未公開株式とはいえ投資家が売買する株式ですから、一定の条件が決められています。それは次の2点

・会社内容説明書(リスク情報と企業情報)の作成
・公認会計士または監査法人による監査を受ける

です。


税金の扱いは?

グリーンシート銘柄に関する税金の取扱いは、通常の株式とは少し異なります。

【譲渡益】
譲渡益に対しては。申告分離課税——所得税20%、住民税6%——が適用されます。新証券税制の優遇は受けられません。
                  
エンジェル税制が適用される場合は、税金の取扱は異なります。上場株式との損益通算は損益比率によって税率が異なるちょっと複雑な税制になっていますので、証券会社や税務署の説明を受けることをお奨めします。

【配当】
配当に対しては原則総合課税(20%の源泉徴収)ですが、1銘柄につき10万円以下の場合は確定申告不要(20%の源泉徴収)も選ぶことができます。

【名義書き換え】
ほふり制度が使えません。株主としての権利を確保するためには、名義書き換えを必ず行いましょう。忘れていると配当金を受取れないだけでなく、株主の権利が失効する事態になることもあります。また、名義書き換えと同じくらい紛失や盗難、偽造等に対する注意が必要です。
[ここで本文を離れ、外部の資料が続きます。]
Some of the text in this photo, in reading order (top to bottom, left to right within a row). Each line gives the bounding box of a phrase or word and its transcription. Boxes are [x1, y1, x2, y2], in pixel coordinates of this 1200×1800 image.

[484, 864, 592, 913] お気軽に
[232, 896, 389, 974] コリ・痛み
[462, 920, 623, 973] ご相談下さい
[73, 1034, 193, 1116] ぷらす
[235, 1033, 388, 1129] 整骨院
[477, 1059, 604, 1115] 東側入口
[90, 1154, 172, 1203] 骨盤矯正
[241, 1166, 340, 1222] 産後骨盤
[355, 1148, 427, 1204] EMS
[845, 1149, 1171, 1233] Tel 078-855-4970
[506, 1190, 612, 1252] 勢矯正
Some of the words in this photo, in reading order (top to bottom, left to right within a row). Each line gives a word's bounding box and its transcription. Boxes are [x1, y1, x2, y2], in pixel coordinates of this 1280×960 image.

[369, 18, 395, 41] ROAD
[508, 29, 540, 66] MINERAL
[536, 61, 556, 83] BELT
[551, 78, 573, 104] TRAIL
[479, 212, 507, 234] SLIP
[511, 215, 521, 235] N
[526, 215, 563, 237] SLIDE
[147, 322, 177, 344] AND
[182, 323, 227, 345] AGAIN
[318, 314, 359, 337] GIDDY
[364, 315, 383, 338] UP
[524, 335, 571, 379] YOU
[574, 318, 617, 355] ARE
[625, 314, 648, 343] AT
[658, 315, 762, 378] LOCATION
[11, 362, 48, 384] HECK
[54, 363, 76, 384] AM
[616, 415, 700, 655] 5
グリーンシート銘柄は、誕生したばかりの赤ちゃんのようなものです。松井選手やイチロー選手のようにビッグになるか、はたまた企業競争の波に淘汰されるか……。
ボーナスで自分へのご褒美に、グリーンシート銘柄で夢を買うのも悪くないかも知れません。だって有名海外ブランドのハンドバッグよりず~と安いのです!